If you have ever gone through the motions because you don't know what else to do, this is your day.
Holy Saturday is a day very easy to jump over. Today is a gorgeous spring day. People are out planting flowers and going to the store to buy for Easter dinner. Easter dresses are being tried on and egg hunts in the parks are happening as we speak.
The world is busy and alive, and here we are in a darkened church before a bare cross and it feels empty.
This is the kind of emptiness that any who has grieved the death of a loved one knows. It is like going through the motions at work, and confronting that first thanksgiving or Christmas or birthday knowing that the one we love is dead.
I will bet that the followers of Jesus had the most somber, depressing Passover meal on record. But if they are at all like a lot of people I know, they will have done it. They will have read the words, and eaten the bitter herbs and the lamb, because...because what else could they do? Even if it was by rote, it was something. Something to anchor. Something to hold on to when there was nothing else.

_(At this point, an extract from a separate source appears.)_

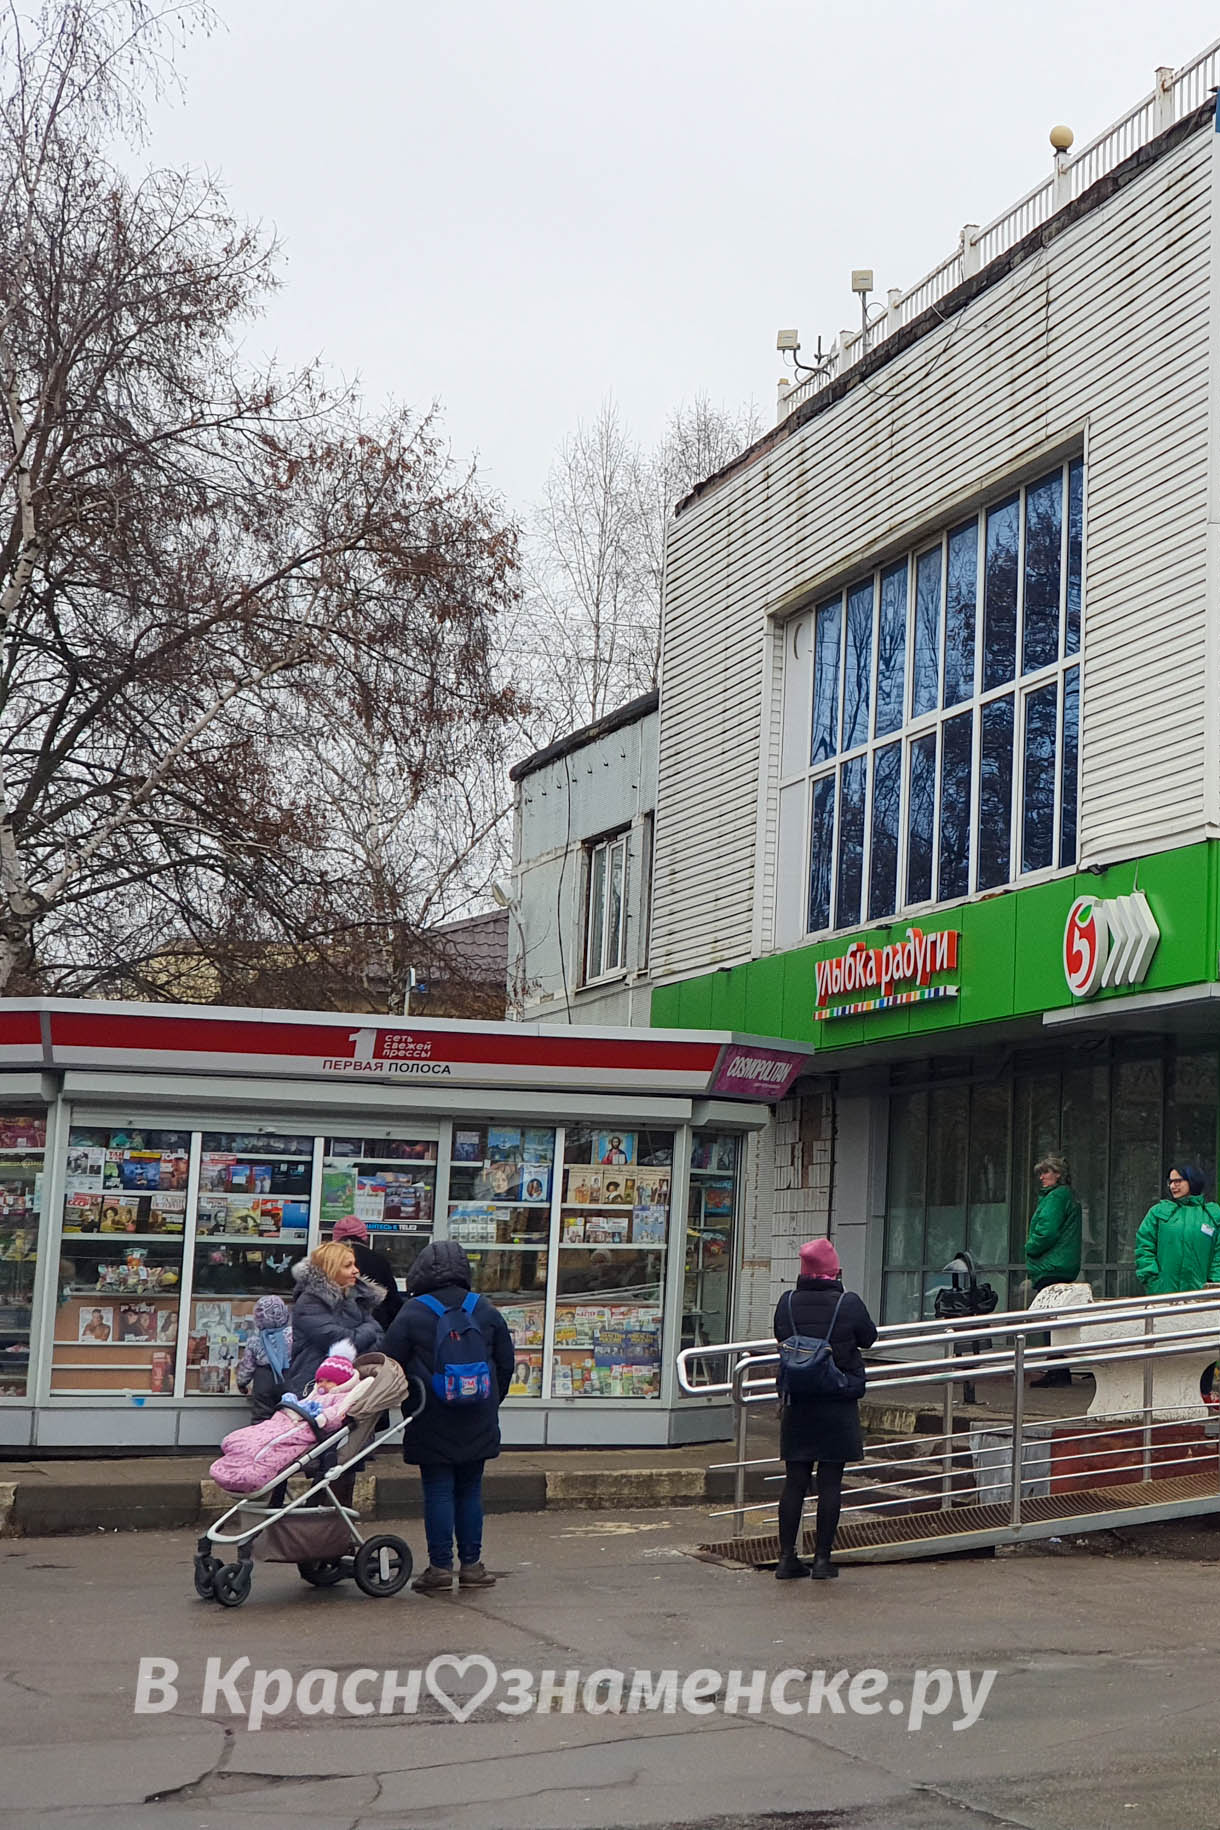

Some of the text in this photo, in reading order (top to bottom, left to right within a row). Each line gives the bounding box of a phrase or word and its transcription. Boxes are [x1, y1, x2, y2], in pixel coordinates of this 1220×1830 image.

Holy Saturday is a day of absence, emptiness and numbness. If you have ever felt this way, this day is for you.
The thing about Holy Saturday that is special is that it is the last day of the Old Creation. It's just that we don't know that yet. Just as we won't know that we have passed through the darkest moments of our grief until we suddenly find ourselves feeling again. We won't know until we look backwards.
And here is the dreadful and true part of Holy Saturday. There is nothing we can do about it. All we can do is what I've said: slog through, go through the motions. We steer into the wave and hope that our boat is not swamped as the wave crashes over our heads. But the feast also tells us that as we wait, as we slog through our fear and emptiness, Easter is coming.
The disciples hiding and fearing for their lives in the locked upper room did not know that yet. We never know it when we are in it. But Easter is coming.
Our creeds and tradition say this is the time when Christ descended into hell and went among the dead.
So, what Jesus was doing on Holy Saturday? Was he, like John's Brown body, "a-moldering in the grave," as the old civil war song goes? Was he walking around the tomb waiting for the angels to come and roll away the stone, folding up his burial cloth before stepping out?
My favorite answer is visual. There is an old icon known as "The Harrowing of Hell" that answers the question of just what Jesus was up to on that otherwise ignored middle day? it shows Jesus entering into hell, into the place of the dead, and he is standing on the lids of the graves of Adam and Eve, the first humans, literally representing all of humanity, and is lifting them out of their coffins to bring them with him back to heaven. In some versions of the icon you see broken chains, locks, handcuff, and tools lying about with a person (the devil perhaps? Maybe death itself?) lying bound and gagged below.
When I see this icon, I am reminded again of what Holy Saturday shows us: that even in the emptiness, Christ is there. If we go down to Sheol, and walk among the dead, Christ is there. There is no place where we can go to escape God's love.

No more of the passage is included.